I was recently asked how one could go about caching a large git repository …
This thread will explore some different strategies for caching your git repository to reduce build time. We only recommend this for larger repositories (e.g. if you are only shaving a few seconds off your build time, the added complexity is not worth it).
I recommend creating a custom git plugin that clones the repository to the volume, and then clones or copies from the volume into your workspace.
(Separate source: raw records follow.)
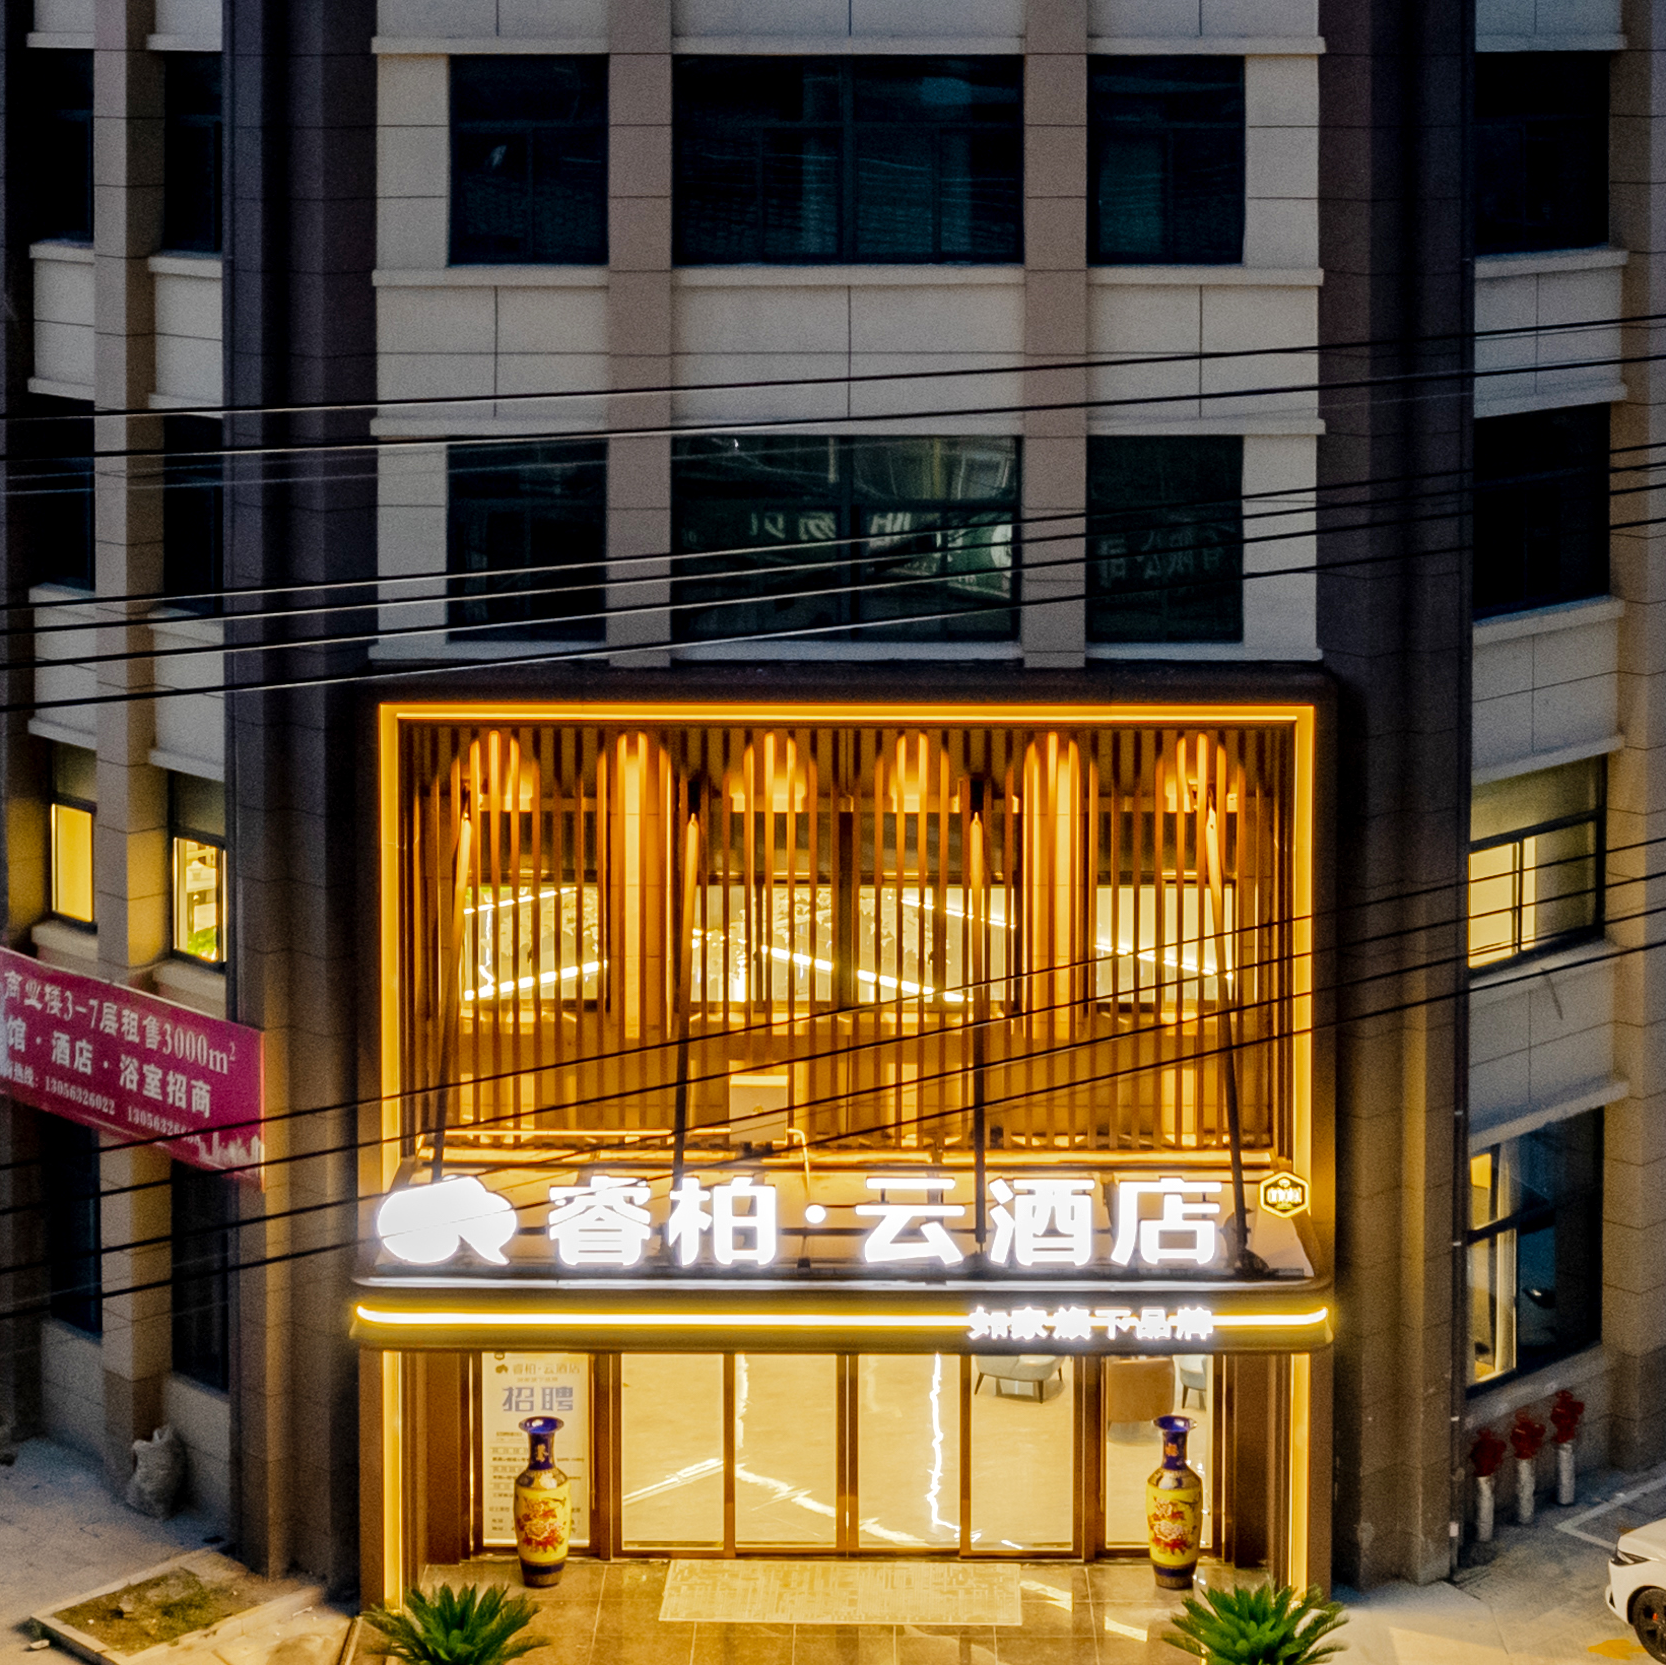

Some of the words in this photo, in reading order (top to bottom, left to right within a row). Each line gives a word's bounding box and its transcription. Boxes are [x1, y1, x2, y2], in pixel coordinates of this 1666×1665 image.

[548, 1175, 1223, 1268] 睿柏·云酒店
[968, 1305, 1214, 1340] 如家旗下品牌
[501, 1386, 574, 1412] 招聘
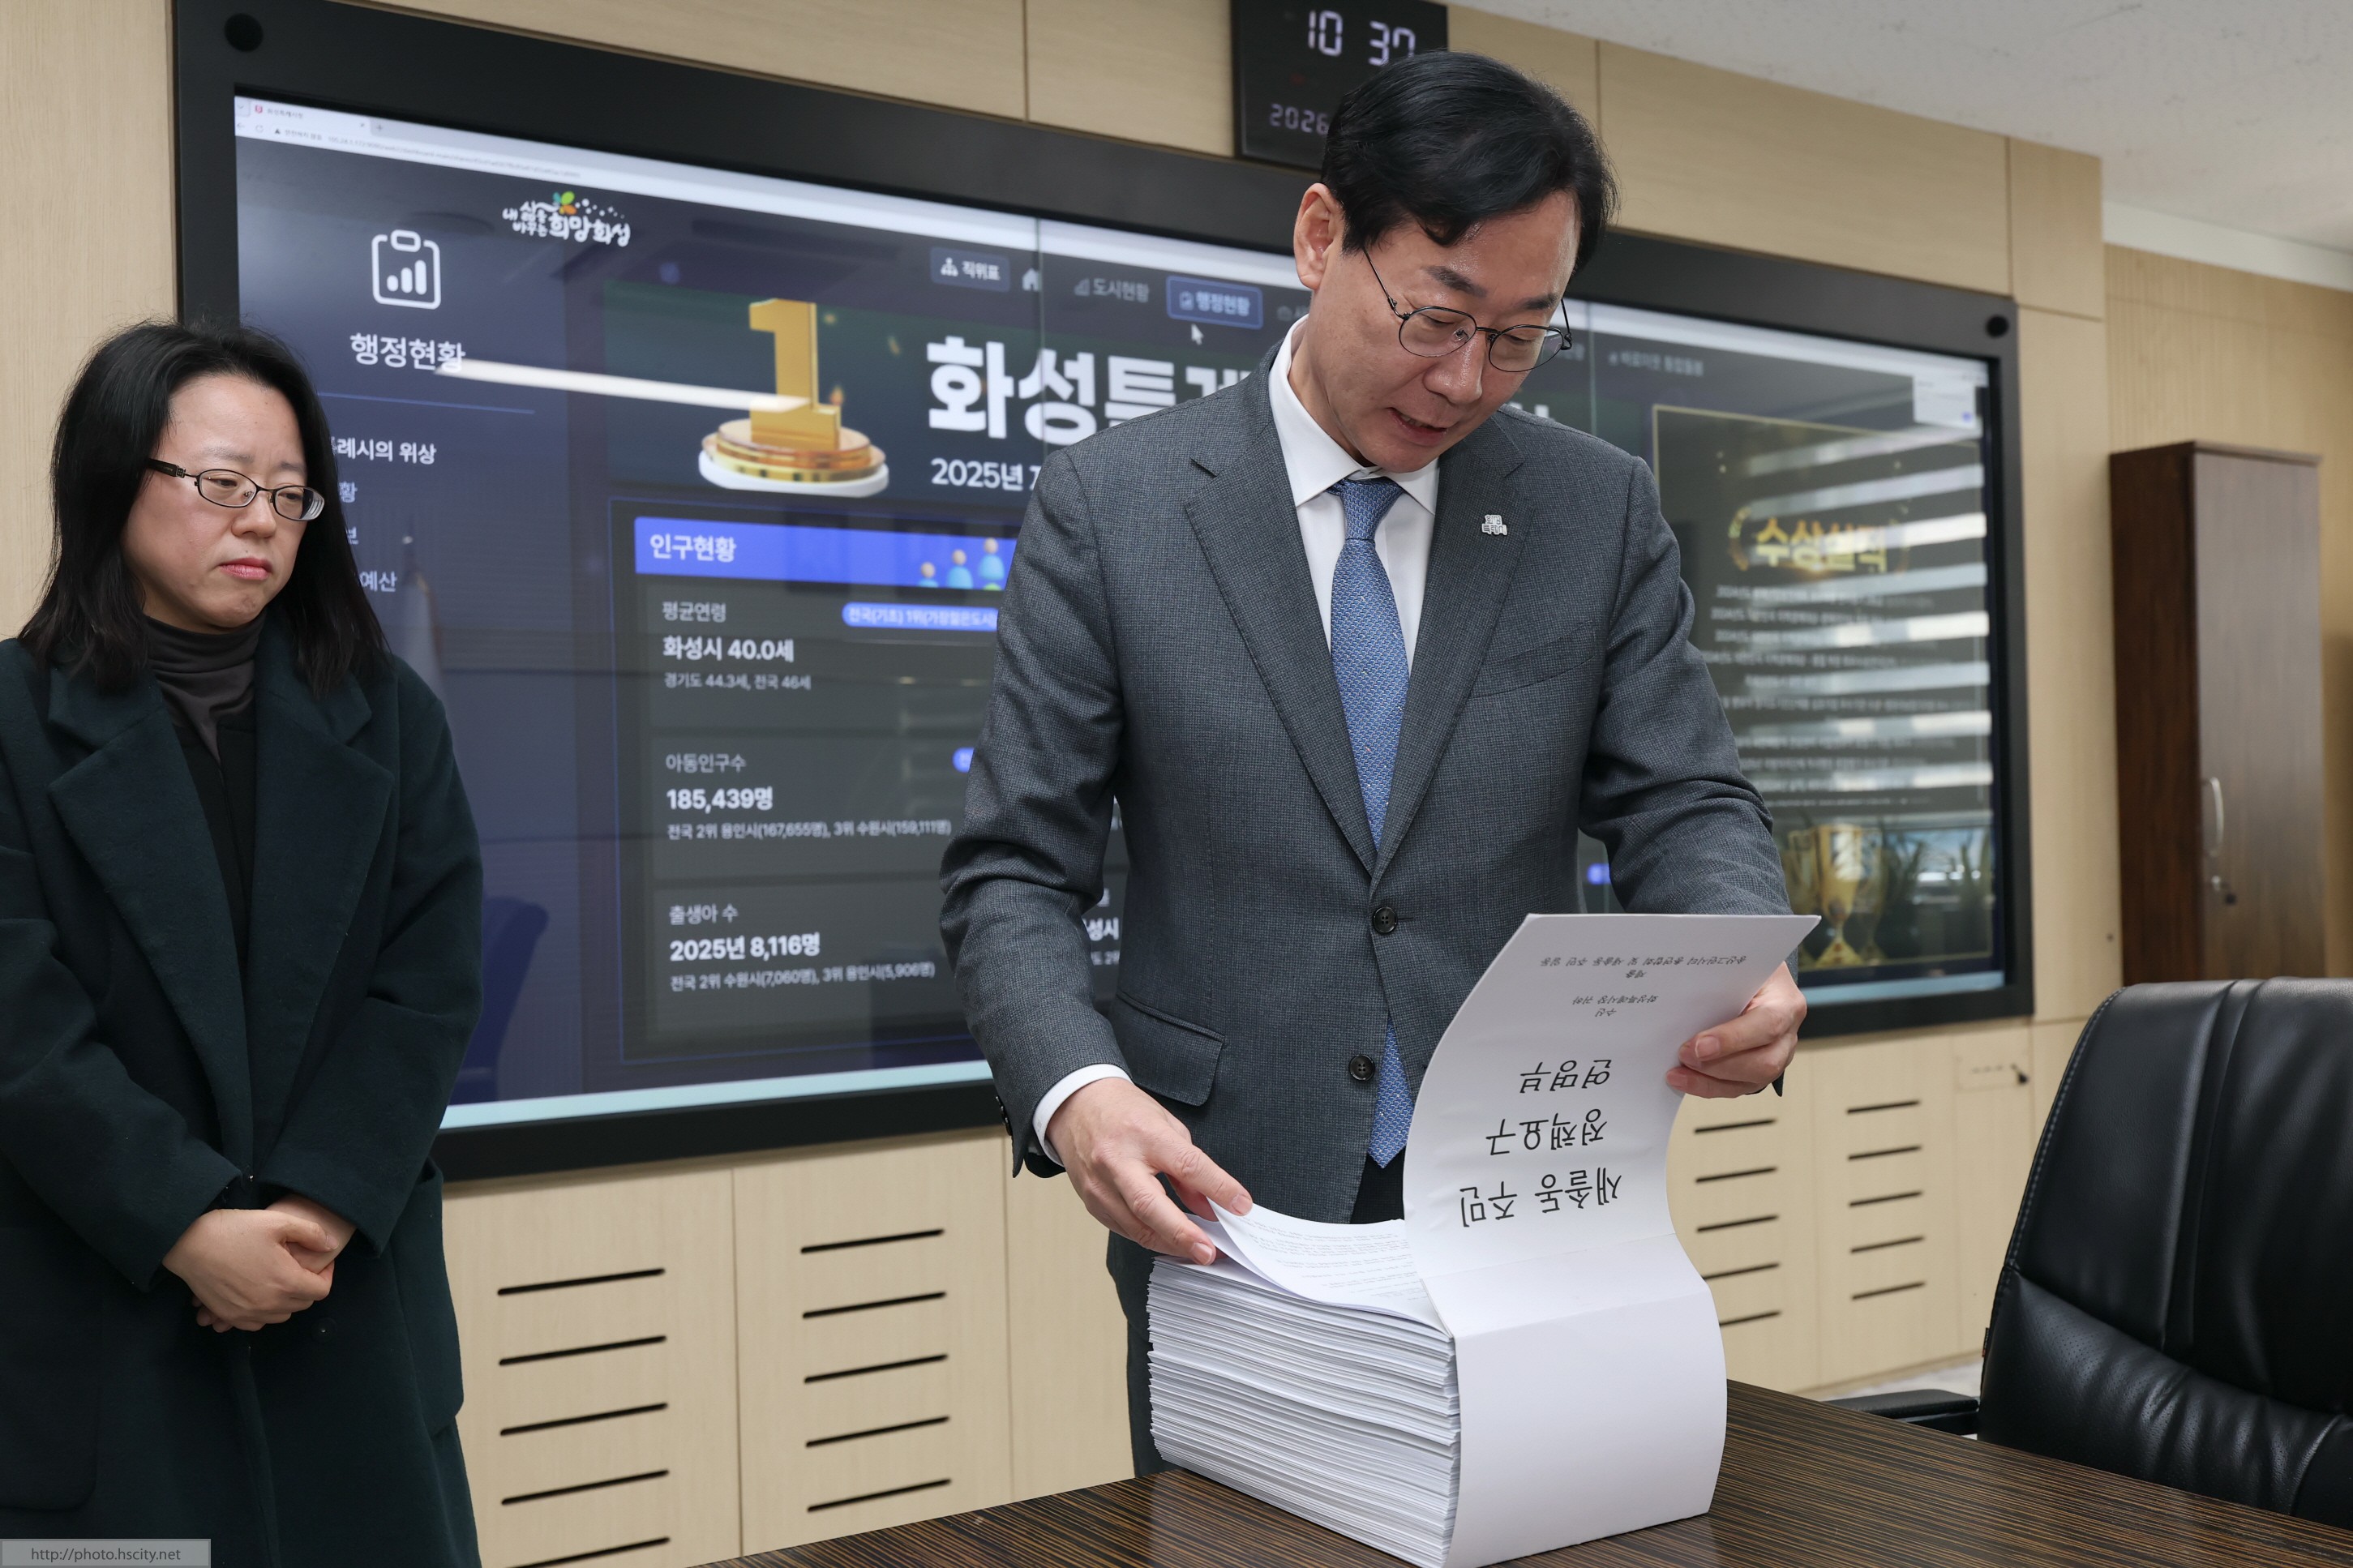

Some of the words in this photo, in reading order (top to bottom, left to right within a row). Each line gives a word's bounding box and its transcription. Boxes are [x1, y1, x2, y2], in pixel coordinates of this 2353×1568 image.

[1307, 10, 1344, 57] 10
[1368, 20, 1417, 66] 37
[1269, 103, 1330, 136] 2026
[1093, 277, 1150, 303] 도시현황
[1195, 290, 1251, 318] 행정현황
[349, 332, 466, 375] 행정현황
[331, 436, 394, 463] 례시의
[398, 442, 437, 465] 위상
[931, 457, 1024, 492] 2025년
[649, 533, 737, 563] 인구현황
[662, 600, 727, 623] 평균연령
[662, 636, 723, 662] 화성시
[726, 638, 795, 663] 40.0세
[663, 672, 703, 689] 경기도
[754, 674, 778, 690] 전국
[665, 752, 748, 773] 아동인구수
[666, 786, 774, 814] 185,439명
[667, 824, 693, 840] 전국
[696, 823, 718, 839] 2위
[834, 821, 854, 837] 3위
[669, 903, 718, 926] 출생아
[721, 903, 739, 923] 수
[669, 934, 746, 962] 2025년
[749, 932, 821, 962] 8,116명
[670, 975, 696, 992] 전국
[699, 974, 721, 989] 2위
[821, 967, 843, 983] 3위
[1626, 969, 1647, 979] 제출
[1571, 996, 1594, 1005] 귀하
[1594, 1008, 1617, 1017] 수신
[1597, 994, 1659, 1005] 화성특례시장
[1519, 1059, 1612, 1094] 연명부
[1485, 1108, 1608, 1156] 정책요구
[1459, 1180, 1518, 1227] 주민
[1534, 1167, 1622, 1214] 새솔동
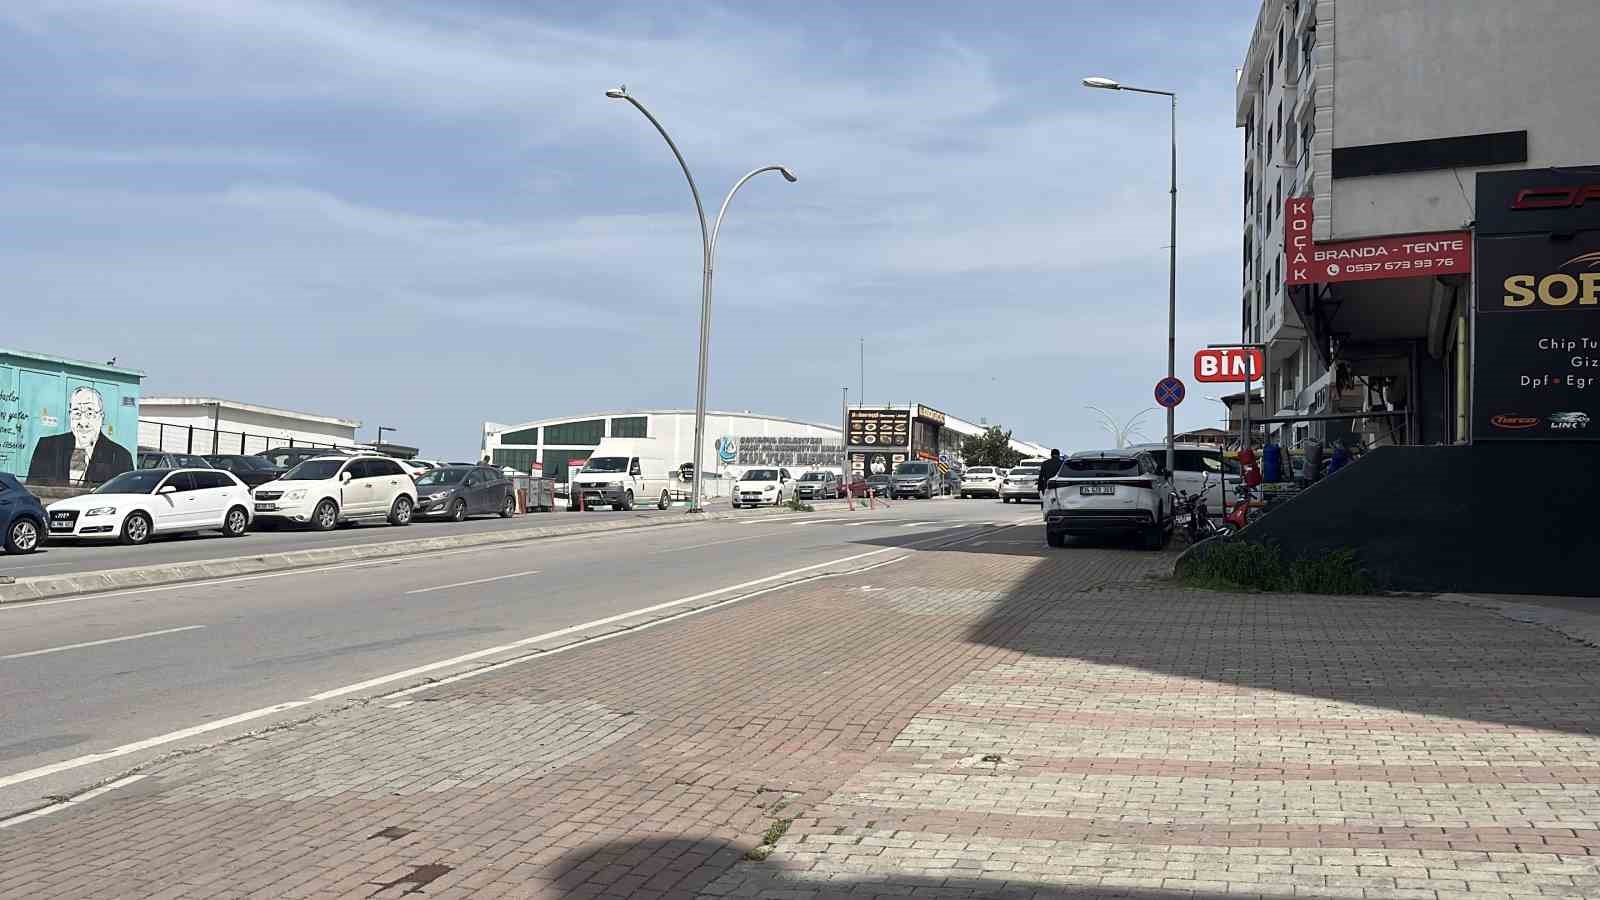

First lets configure our yaml file to use a custom plugin and volume, where the volume path is /tmp/git
+clone:
+ git:
+ image: my-custom-plugin
+ volumes: [ /tmp/git:/tmp/git ]
pipeline:
build:
image: golang
commands:
- go build
- go test
We could then create a plugin that invokes a simple shell script that clones the repository to a cache first, and then clones into the workspace. (disclaimer: the example below is for demonstration purposes only and probably doesn’t work)
#!/bin/sh
# go to the shared volume and initialize the repository if necessary and clone
pushd /tmp/git
if [ ! -d .git ]; then
git init
git remote add origin ${DRONE_REMOTE_URL}
fi
# pull everything. normally this would be slow, but since the repository is cached
# it should be relatively quick.
git pull --all
# return to our working directory
popd
# use the cached git repository (on disk) as the remote
git init
git remote add origin /tmp/git
# checkout the specific branch and commit into the current directory
git fetch origin +refs/heads/${DRONE_BRANCH}:
git checkout ${DRONE_COMMIT} -b ${DRONE_BRANCH}
We have a prototype git plugin based on bash (instead of Go) that you can probably use as a baseline. Take a look at https://github.com/drone-plugins/drone-git/tree/next
Some additional considerations:
Cleanup
One thing you may need to consider is cleanup. You will need to prune and remove old branches and objects from your cached repository. I recommend executing git prune on the repository cache as part of the script.
Locking
You also need to consider what will happen if two builds run at the same time and try to update the cache, which could be problematic. I would recommend some sort of system lock, but you need to be careful because you want a lock that will get released when the process is destroyed to avoid something locking indefinitely.
I feel like you could use a unix file socket as a lock, but I’m not entirely sure. I would have to think through this a bit more and run some tests.